### Exercise goal
Write out the listing verbatim. No pictures belong in it.

### Records provided
::::::::

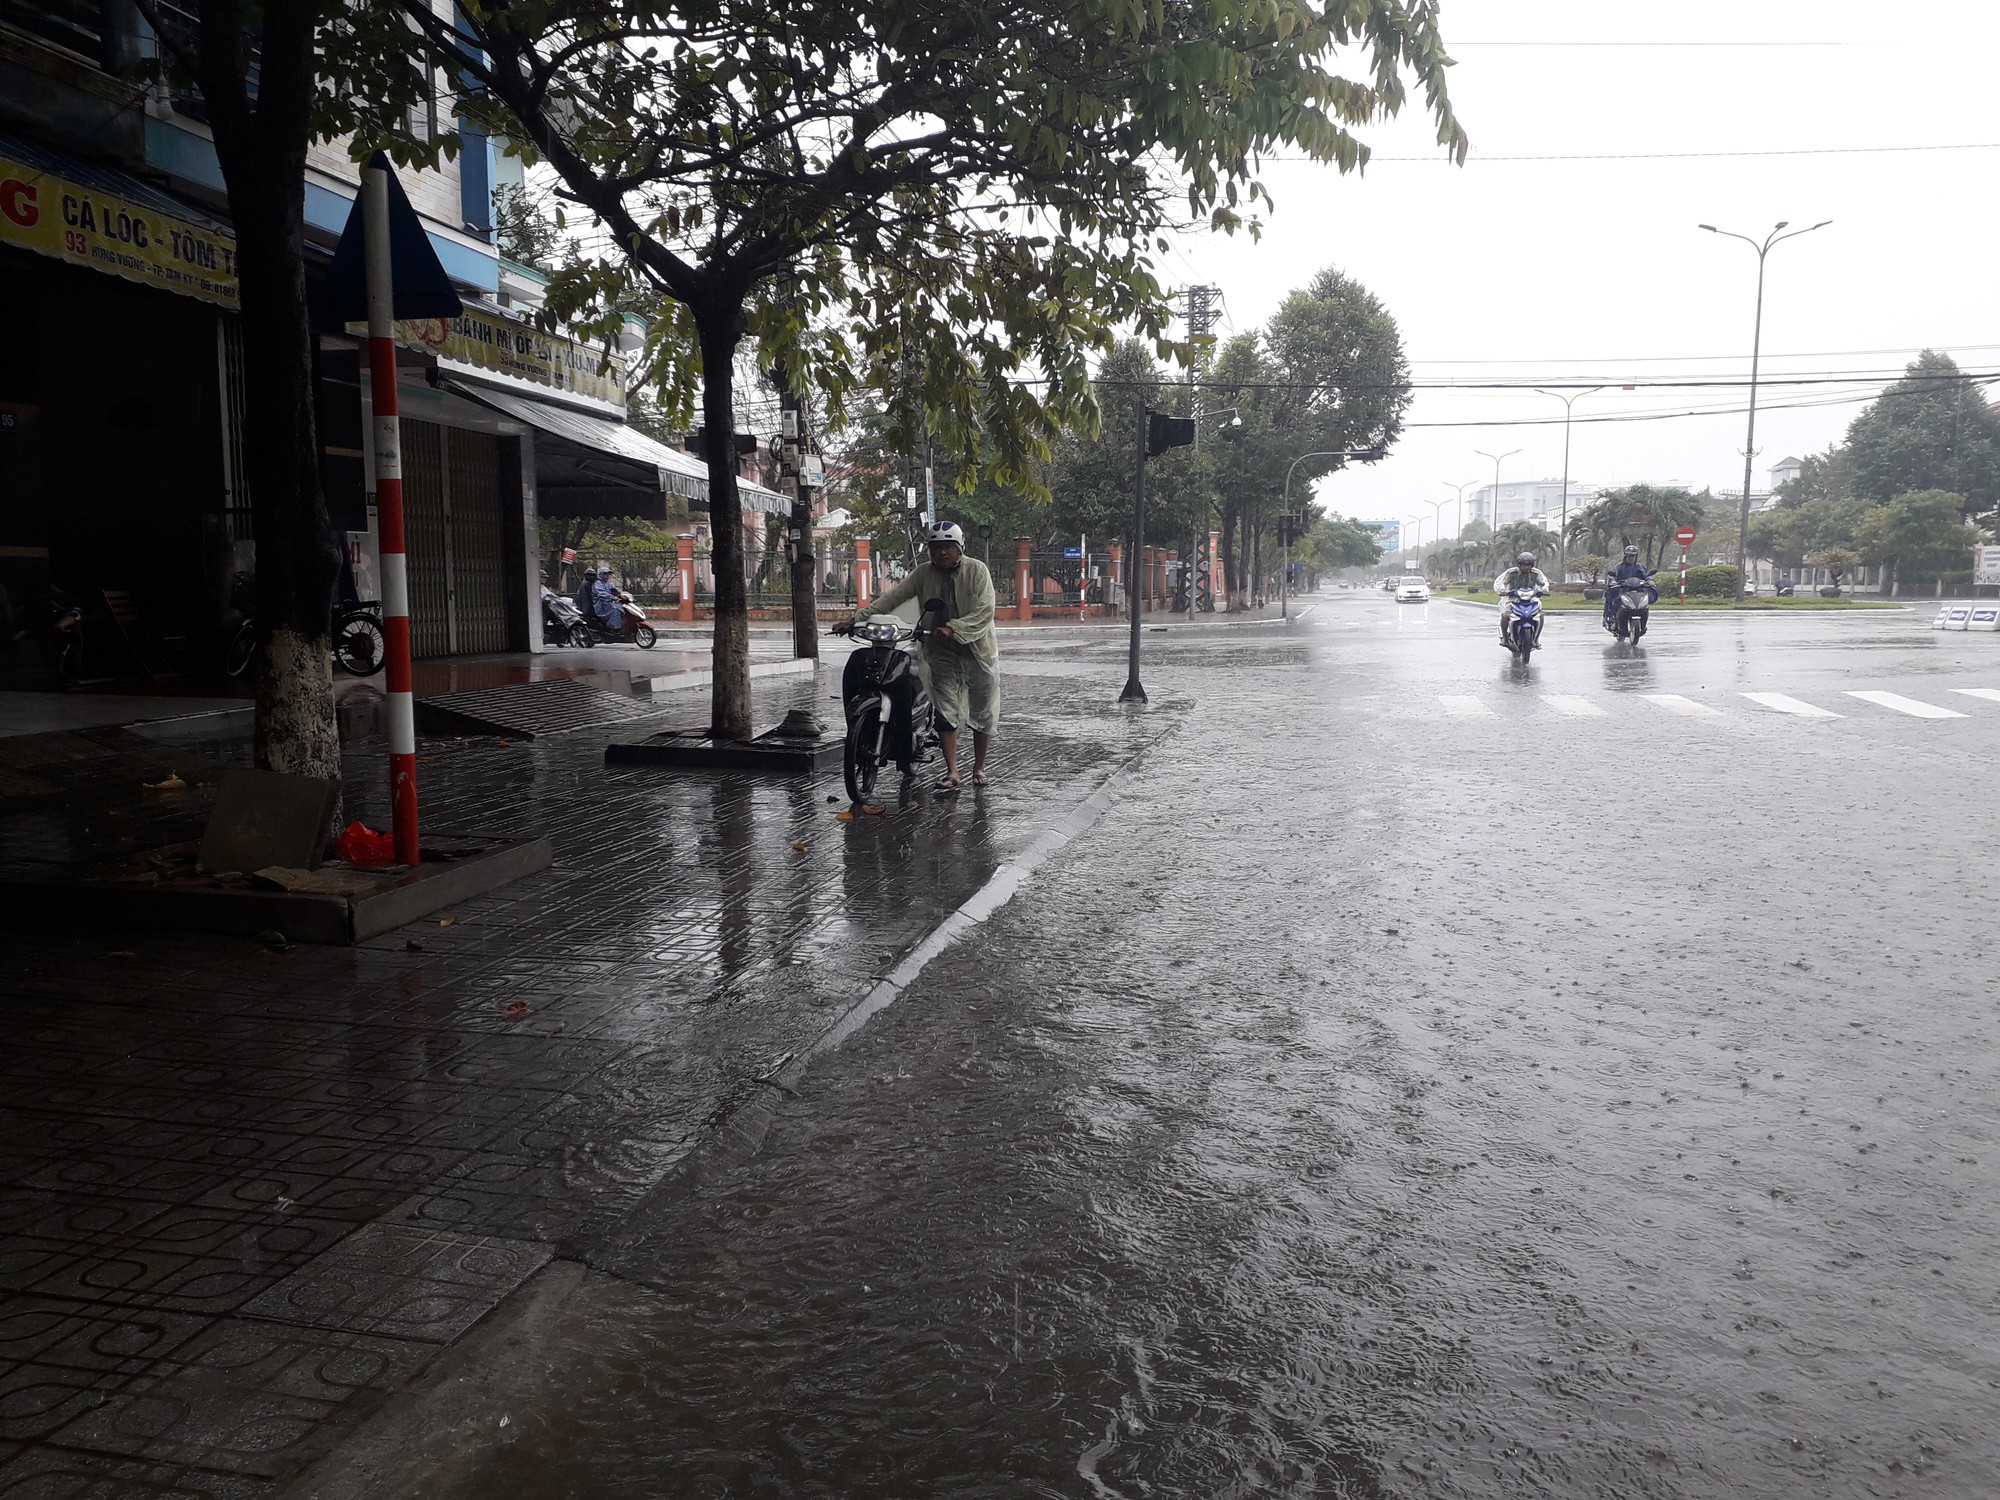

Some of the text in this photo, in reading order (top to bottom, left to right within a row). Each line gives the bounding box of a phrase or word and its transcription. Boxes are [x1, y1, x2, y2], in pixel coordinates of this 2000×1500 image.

[62, 194, 96, 233] CÁ
[103, 207, 147, 248] LÓC
[170, 230, 216, 270] TÔM
[65, 230, 86, 254] 93
[453, 314, 492, 344] BÁNH
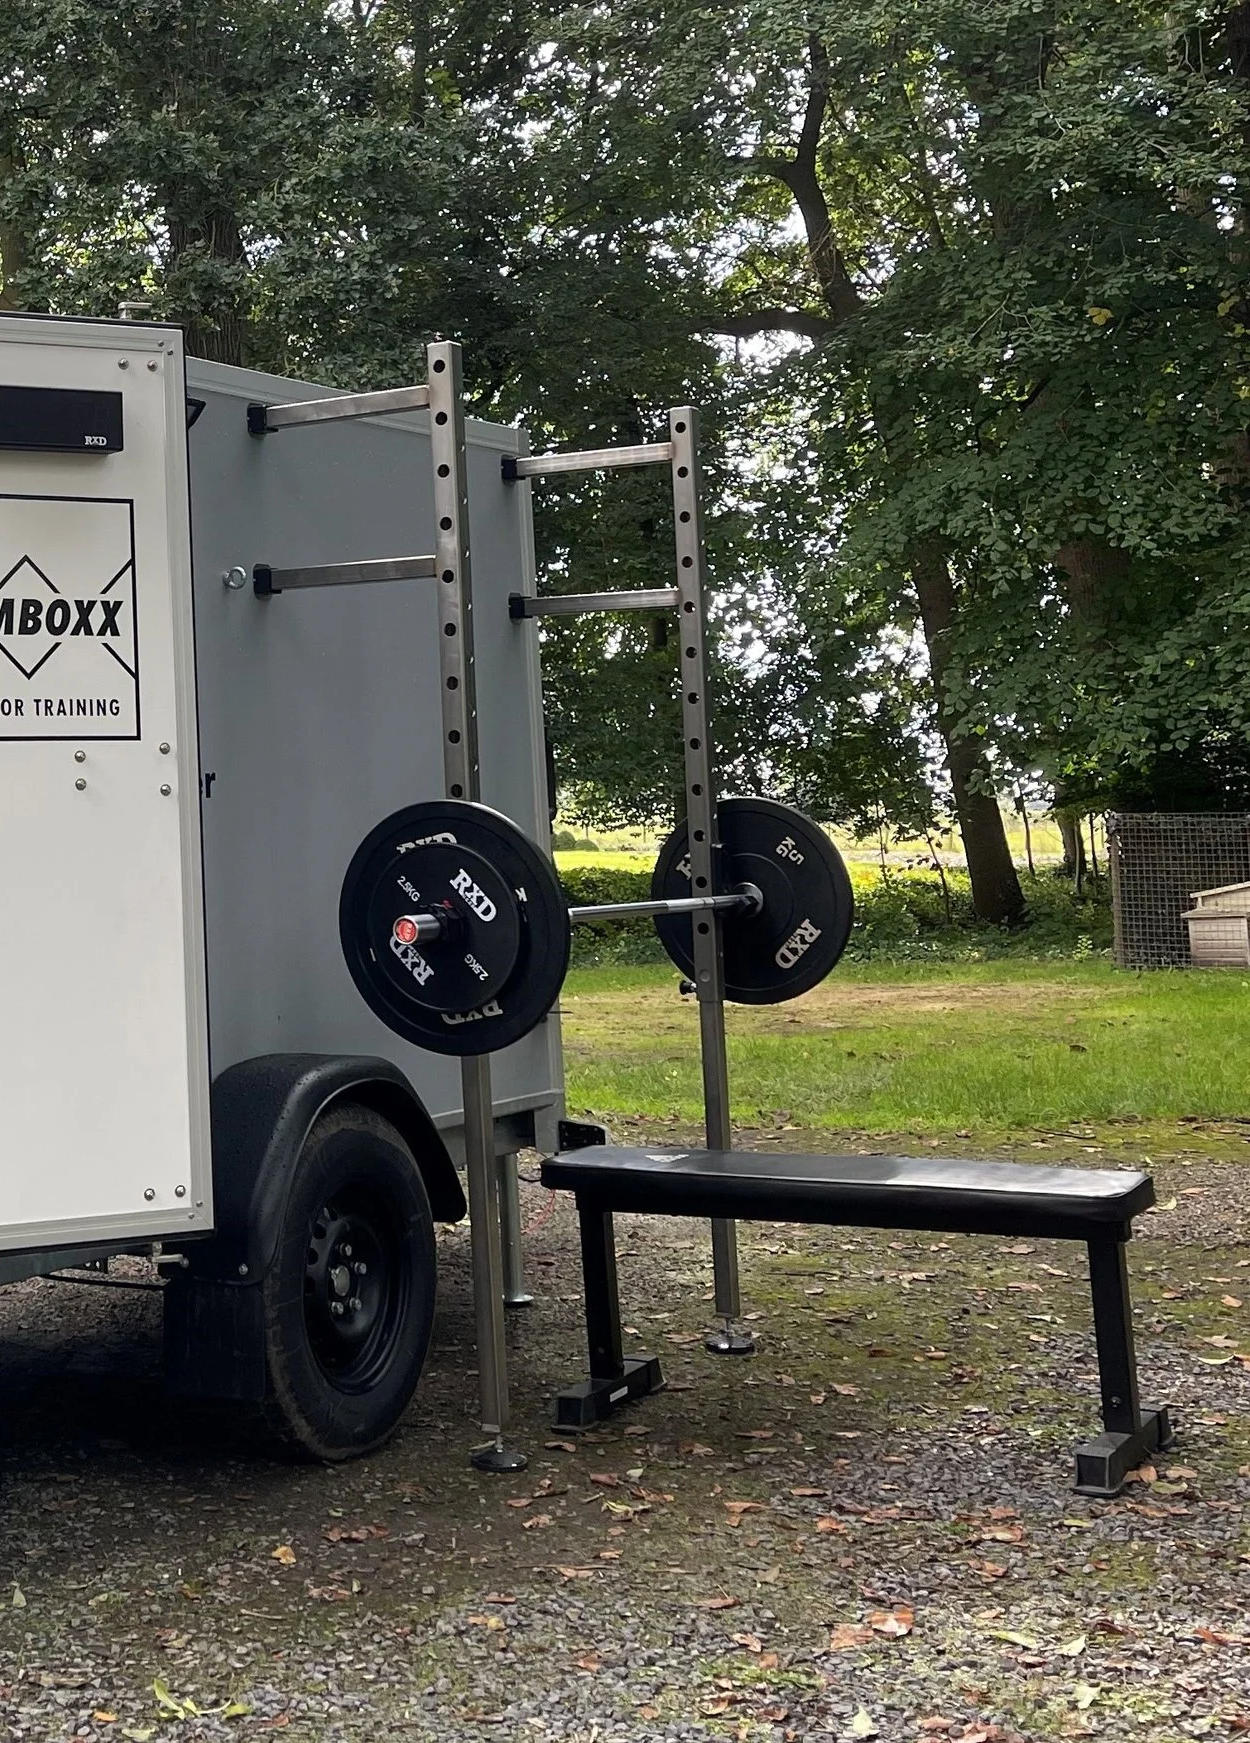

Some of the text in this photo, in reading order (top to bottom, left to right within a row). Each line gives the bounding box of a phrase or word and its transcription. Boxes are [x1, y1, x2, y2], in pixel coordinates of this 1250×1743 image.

[84, 435, 107, 447] RXD
[33, 698, 121, 717] TRAINING
[775, 836, 796, 858] KG
[788, 851, 805, 866] 5
[450, 868, 498, 922] RXD
[775, 918, 822, 969] RXD
[389, 936, 435, 986] RXD

::::::::

### Output for this task
Some of the text in this photo, in reading order (top to bottom, left to right within a row). Each line gives the bounding box of a phrase or word and its transcription. Boxes are [x1, y1, x2, y2], in pixel coordinates of this 2000×1500 image.

[62, 194, 96, 233] CÁ
[103, 207, 147, 248] LÓC
[170, 230, 216, 270] TÔM
[65, 230, 86, 254] 93
[453, 314, 492, 344] BÁNH

Some of the text in this photo, in reading order (top to bottom, left to right within a row). Each line gives the bounding box of a phrase or word and its transcription. Boxes are [x1, y1, x2, y2], in pixel coordinates of this 1250×1743 image.

[84, 435, 107, 447] RXD
[33, 698, 121, 717] TRAINING
[775, 836, 796, 858] KG
[788, 851, 805, 866] 5
[450, 868, 498, 922] RXD
[775, 918, 822, 969] RXD
[389, 936, 435, 986] RXD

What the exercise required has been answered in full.